Related ethnic groups
- Abkhazians, Abazins, Chechens in Jordan

= Circassians in Jordan =

Branch of the Circassian diaspora in Jordan

Circassians in Jordan (Иорданием ис Адыгэхэр; الشركس في الأردن) are descendants of Circassian refugees who arrived in Jordan in the late 19th century after the Circassian genocide in the 1860s and the Russo-Turkish War (1877–1878). They settled in Jordan, then a part of Ottoman Syria, in and around Amman and Jerash. Circassians are credited with founding modern Amman as the city had been previously abandoned.

== History ==
===Exodus===
Circassians began entering the Ottoman Empire en masse during the expansion of the Tsarist Russian Empire into their Caucasian homeland during the 1850s. An 1860 agreement between the Ottomans and the Russians mandated the immigration of 40,000–50,000 Circassians into Ottoman territory. However, between 800,000 and 1,200,000 Muslim Circassians entered and settled in the Ottoman Empire, of whom some 175,000 were resettled by the government in the Empire's predominantly Christian Balkan territories in 1864. The Balkan Crisis of 1876, which led to the Russo–Turkish War of 1877–1878, was partly attributed to the killings of Bulgarian Christians by Circassian settlers. During the subsequent Russian occupation of Bulgaria and Eastern Rumelia the Circassians were expelled from the Balkans, which was formalized by the Treaty of Berlin in 1878. Coinciding with the crisis in the Balkans, further waves of Circassians and Chechens from the Caucasus and Turkmens from Central Asia were fleeing Russian rule and becoming refugees in eastern Anatolia.
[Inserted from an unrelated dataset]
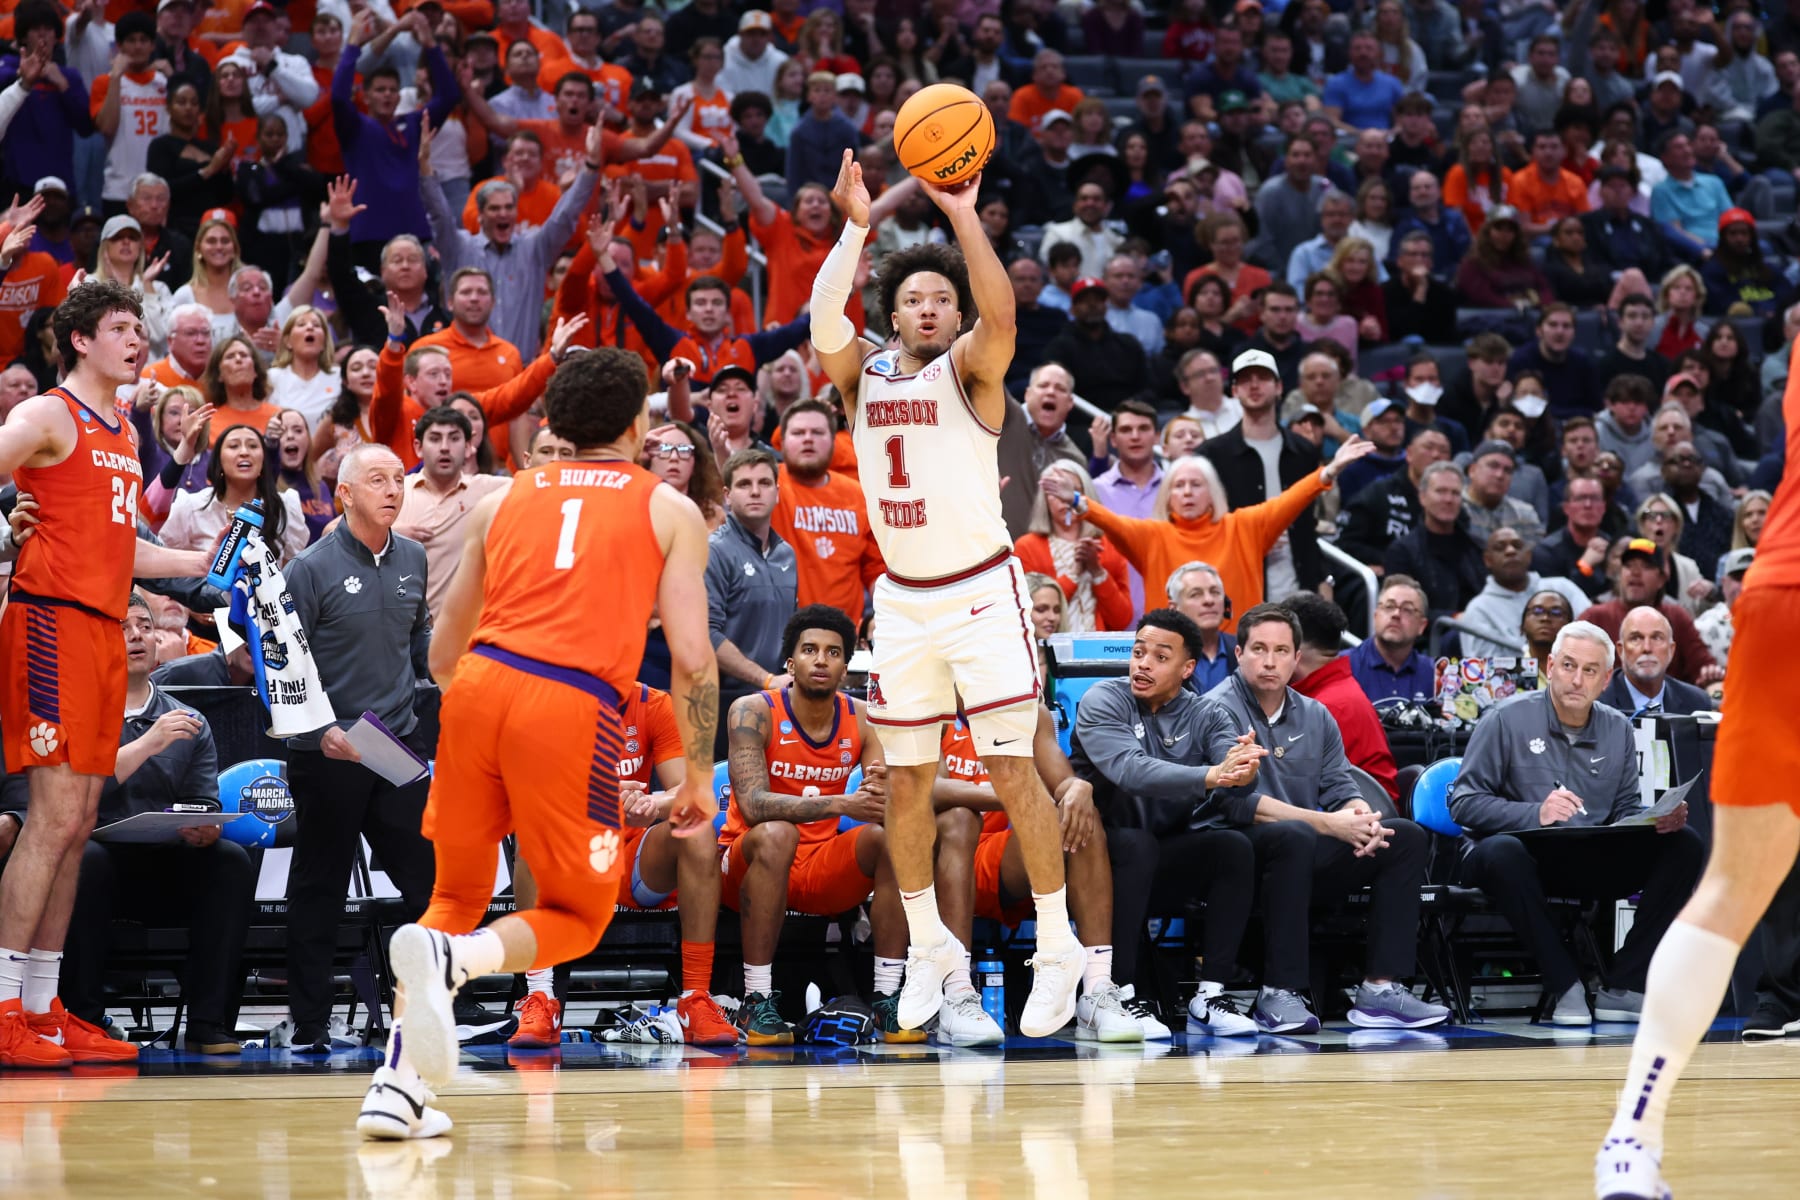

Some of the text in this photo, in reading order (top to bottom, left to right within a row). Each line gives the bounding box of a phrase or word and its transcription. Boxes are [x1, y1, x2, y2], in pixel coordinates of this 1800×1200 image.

===Settlement in Transjordan===
With Ottoman territories decreasing and tens of thousands of refugees overcrowding the cities of Anatolia, Thrace and Macedonia, the imperial government resolved to resettle refugees along the peripheral areas of the Levantine provinces. The policy of establishing Circassian agricultural communities in grain-producing regions in Syria Vilayet was partly motivated by the Empire's loss of its key agricultural region, the Balkans. It was also driven by Ottoman efforts to centralize control over the Empire, which included attempts to sedentarize the nomadic Bedouin of the Syrian steppe and impose control over the practically autonomous Druze, Alawite and Maronite communities of the coastal mountain ranges; the settlements of the Circassians, along with other migrant communities such as the Kurds, Assyrians and Armenians were strategically located to serve as a buffer between the dissident communities. In 1878, 50,000 Circassians were transported by sea to the Levantine coast from Constantinople, Salonica and Kavalla. From there about 25,000 were sent to the southern parts of Syria Vilayet, mainly the Balqa (part of modern Jordan), the Golan Heights and the area around Tiberias. Their transportation and settlement came under the supervision of the Damascus-based governor. Four piasters per taxpayer were levied toward financing the immigration committees charged with settling the Circassians and others. The Circassians were initially housed in schools and mosques until their resettlement. Numerous migrants died in transit from disease and poor conditions.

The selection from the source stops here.